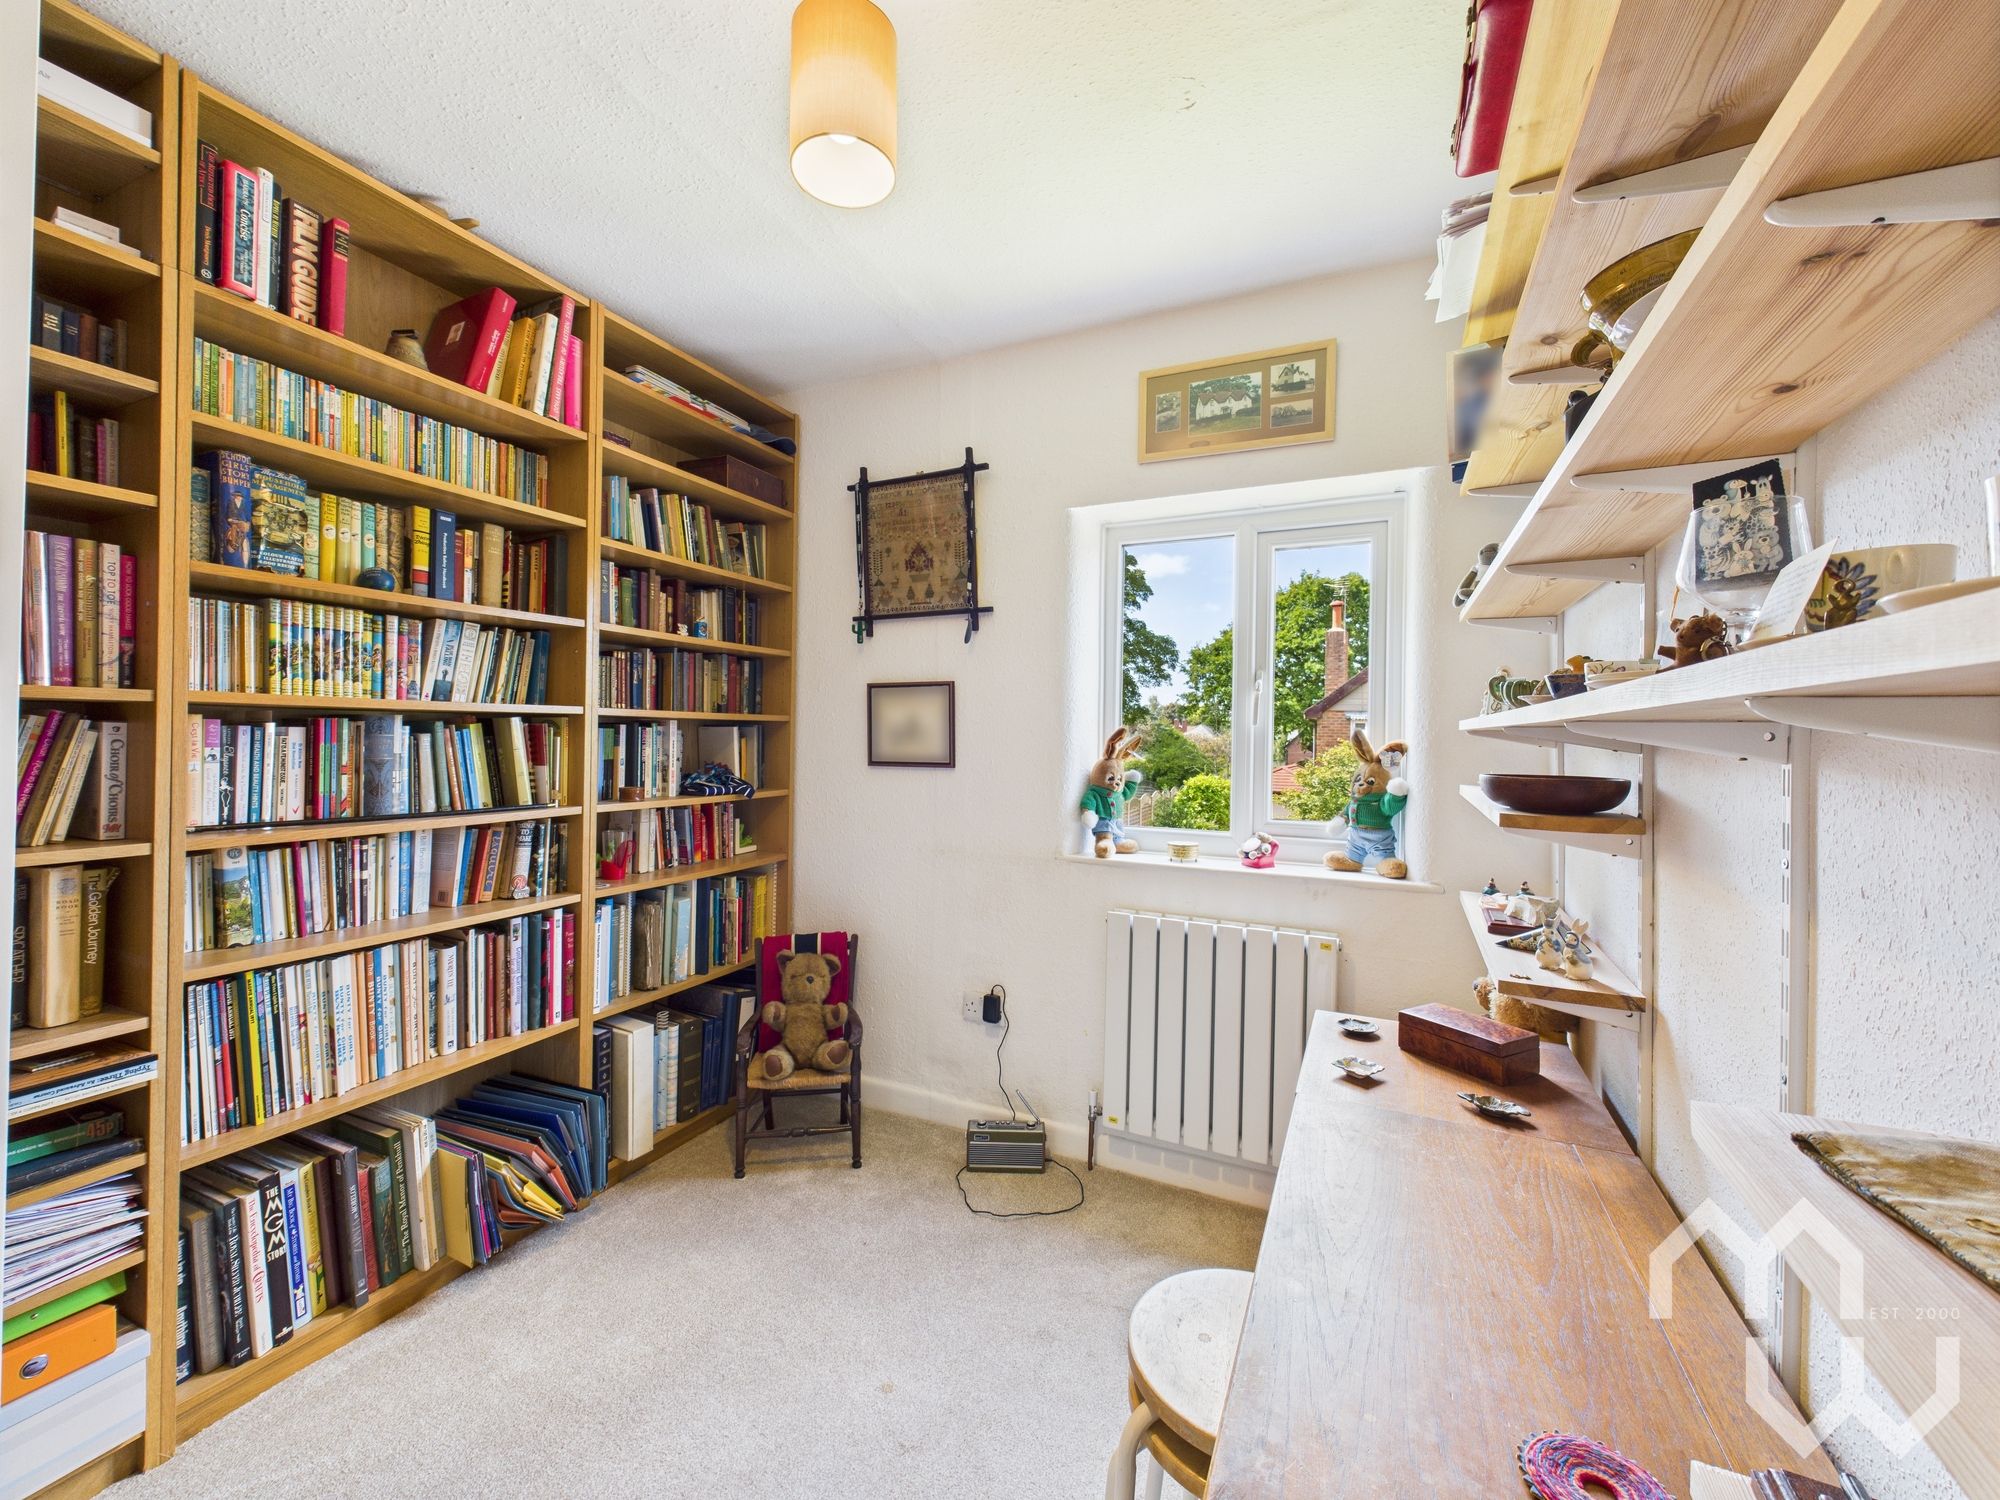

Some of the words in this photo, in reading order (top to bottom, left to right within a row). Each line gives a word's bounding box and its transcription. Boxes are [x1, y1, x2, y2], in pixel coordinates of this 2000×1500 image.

[239, 208, 251, 241] Concise
[292, 208, 319, 263] FILM
[291, 259, 317, 326] GUIDE
[564, 302, 572, 318] TALES
[562, 320, 571, 345] EASTERN
[561, 347, 567, 355] OF
[556, 357, 566, 385] TREASURY
[107, 562, 116, 576] TOP
[107, 578, 115, 589] TO
[107, 591, 115, 605] TOE
[220, 745, 234, 775] Elegance
[253, 741, 261, 761] HEALTH
[104, 772, 124, 785] of
[252, 773, 260, 793] BEAUTY
[88, 874, 101, 891] The
[88, 892, 102, 926] Golden
[84, 927, 101, 965] Journey
[97, 1072, 123, 1083] Three:
[124, 1065, 152, 1078] Typing
[33, 1089, 55, 1099] Course
[56, 1082, 85, 1093] Advanced
[394, 1141, 404, 1173] Penkhull
[396, 1174, 404, 1182] of
[265, 1185, 280, 1200] THE
[398, 1184, 406, 1209] Manor
[288, 1209, 296, 1224] BOOK
[400, 1209, 409, 1229] Royal
[228, 1235, 239, 1258] ROYAL
[248, 1213, 260, 1263] Encyclopedia
[401, 1230, 410, 1247] The
[230, 1258, 241, 1285] SILVER
[252, 1271, 265, 1304] CRAFTS
[233, 1286, 243, 1318] JUBILEE

Task description: Every record above, copied exactly and without a single picture, makes up the answer.

Answer for this exercise:
Some of the words in this photo, in reading order (top to bottom, left to right within a row). Each line gives a word's bounding box and its transcription. Boxes are [x1, y1, x2, y2], in pixel coordinates of this 2000×1500 image.

[239, 208, 251, 241] Concise
[292, 208, 319, 263] FILM
[291, 259, 317, 326] GUIDE
[564, 302, 572, 318] TALES
[562, 320, 571, 345] EASTERN
[561, 347, 567, 355] OF
[556, 357, 566, 385] TREASURY
[107, 562, 116, 576] TOP
[107, 578, 115, 589] TO
[107, 591, 115, 605] TOE
[220, 745, 234, 775] Elegance
[253, 741, 261, 761] HEALTH
[104, 772, 124, 785] of
[252, 773, 260, 793] BEAUTY
[88, 874, 101, 891] The
[88, 892, 102, 926] Golden
[84, 927, 101, 965] Journey
[97, 1072, 123, 1083] Three:
[124, 1065, 152, 1078] Typing
[33, 1089, 55, 1099] Course
[56, 1082, 85, 1093] Advanced
[394, 1141, 404, 1173] Penkhull
[396, 1174, 404, 1182] of
[265, 1185, 280, 1200] THE
[398, 1184, 406, 1209] Manor
[288, 1209, 296, 1224] BOOK
[400, 1209, 409, 1229] Royal
[228, 1235, 239, 1258] ROYAL
[248, 1213, 260, 1263] Encyclopedia
[401, 1230, 410, 1247] The
[230, 1258, 241, 1285] SILVER
[252, 1271, 265, 1304] CRAFTS
[233, 1286, 243, 1318] JUBILEE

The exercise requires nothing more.